_WHAT YOU HAVE TO DO_.
If a record holds a picture, drop the picture and return the rest of the record word for word.

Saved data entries
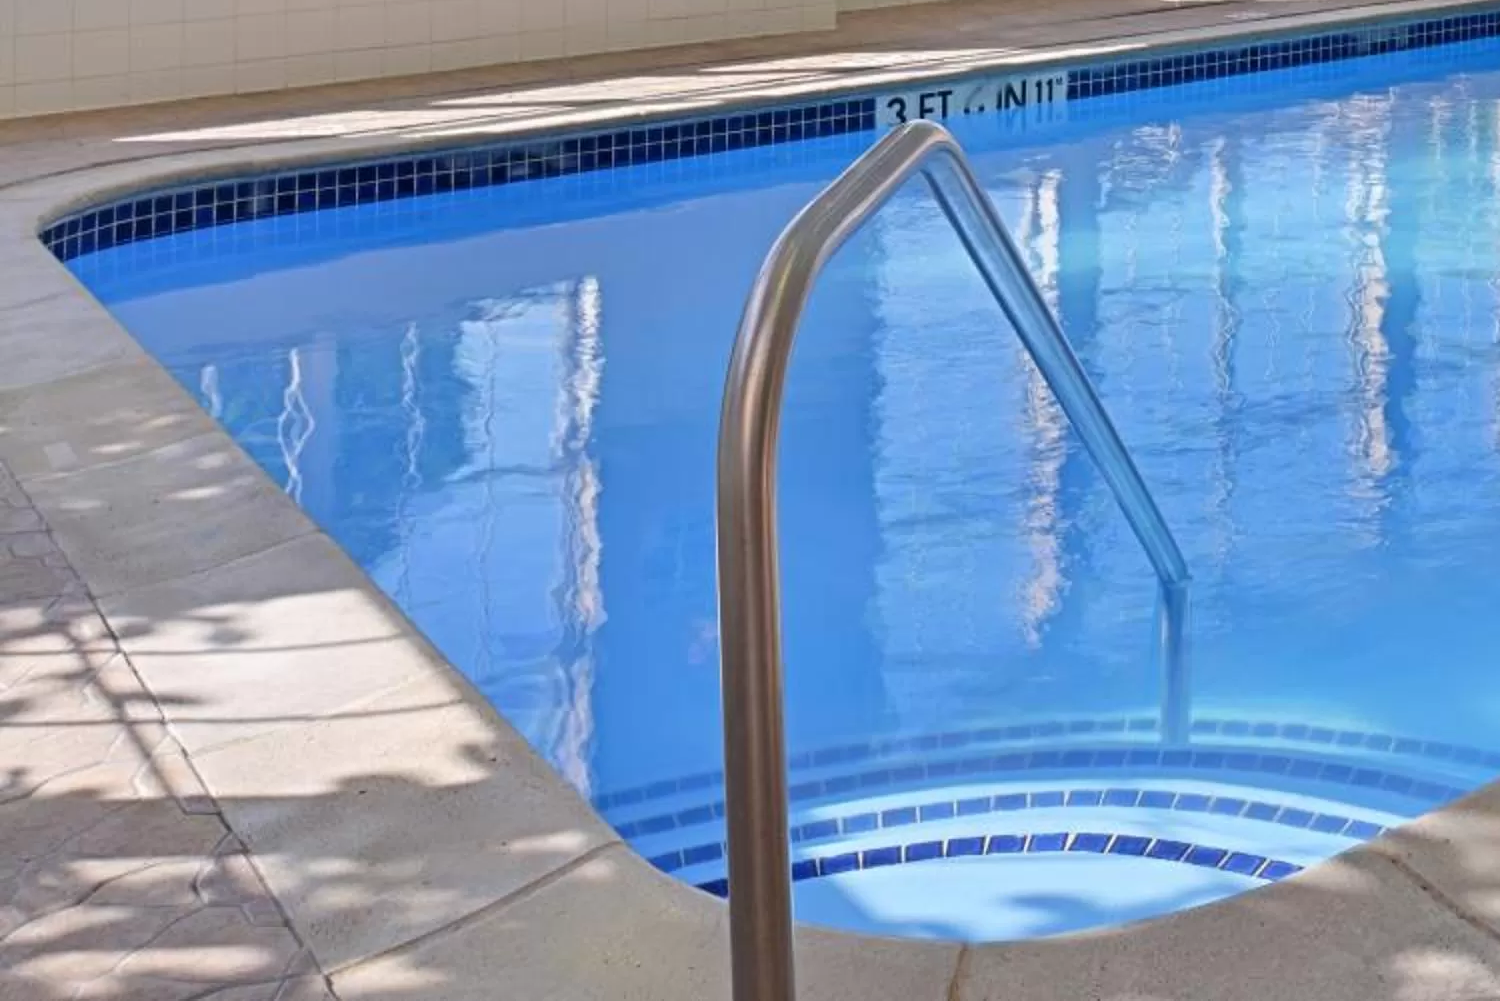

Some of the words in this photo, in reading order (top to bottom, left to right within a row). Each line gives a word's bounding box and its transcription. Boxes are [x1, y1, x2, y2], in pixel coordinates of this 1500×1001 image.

[886, 97, 907, 123] 3
[919, 90, 953, 119] FT
[996, 79, 1026, 109] IN
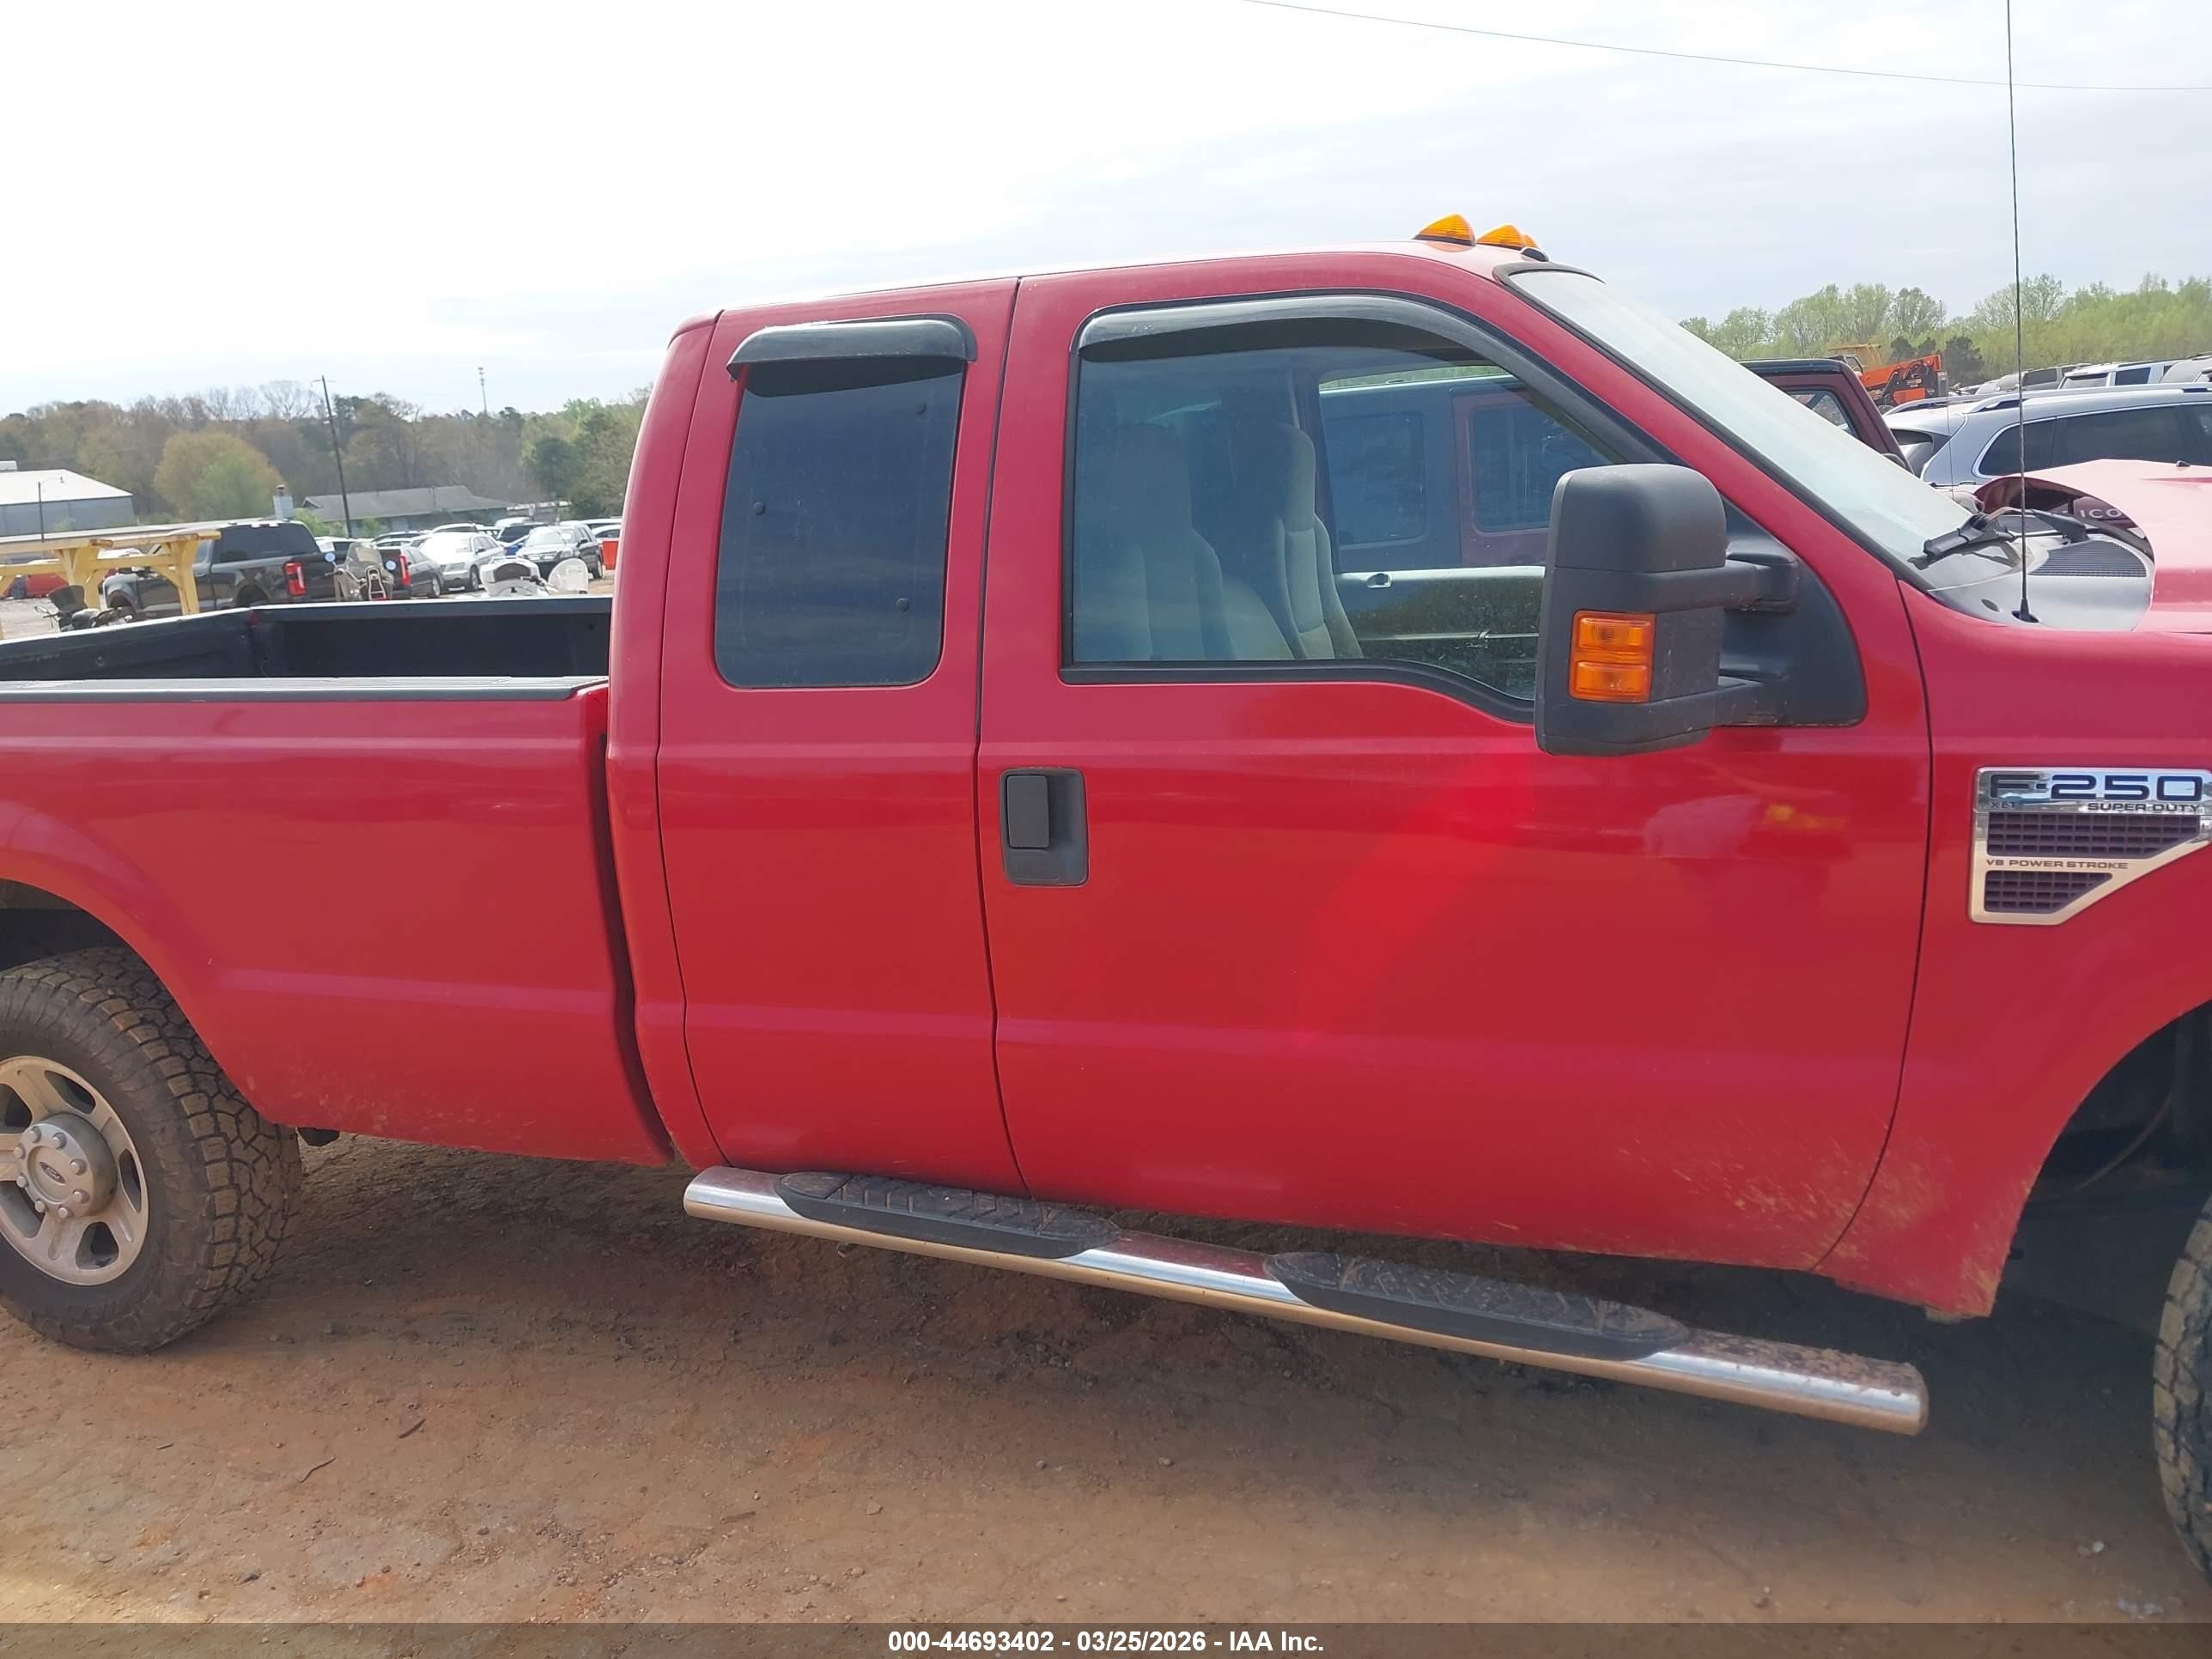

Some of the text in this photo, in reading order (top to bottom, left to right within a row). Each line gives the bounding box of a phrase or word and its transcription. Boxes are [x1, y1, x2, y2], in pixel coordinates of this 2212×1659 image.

[1990, 774, 2203, 801] F-250
[2087, 802, 2201, 813] SUPER DUTY
[2009, 860, 2063, 868] POWER
[2066, 861, 2129, 870] STROKE

_EXERCISE OUTPUT_.
Some of the words in this photo, in reading order (top to bottom, left to right within a row). Each line gives a word's bounding box and its transcription. Boxes are [x1, y1, x2, y2], in pixel coordinates of this 1500×1001 image.

[886, 97, 907, 123] 3
[919, 90, 953, 119] FT
[996, 79, 1026, 109] IN

Some of the text in this photo, in reading order (top to bottom, left to right within a row). Each line gives the bounding box of a phrase or word and its transcription. Boxes are [x1, y1, x2, y2], in pixel coordinates of this 2212×1659 image.

[1990, 774, 2203, 801] F-250
[2087, 802, 2201, 813] SUPER DUTY
[2009, 860, 2063, 868] POWER
[2066, 861, 2129, 870] STROKE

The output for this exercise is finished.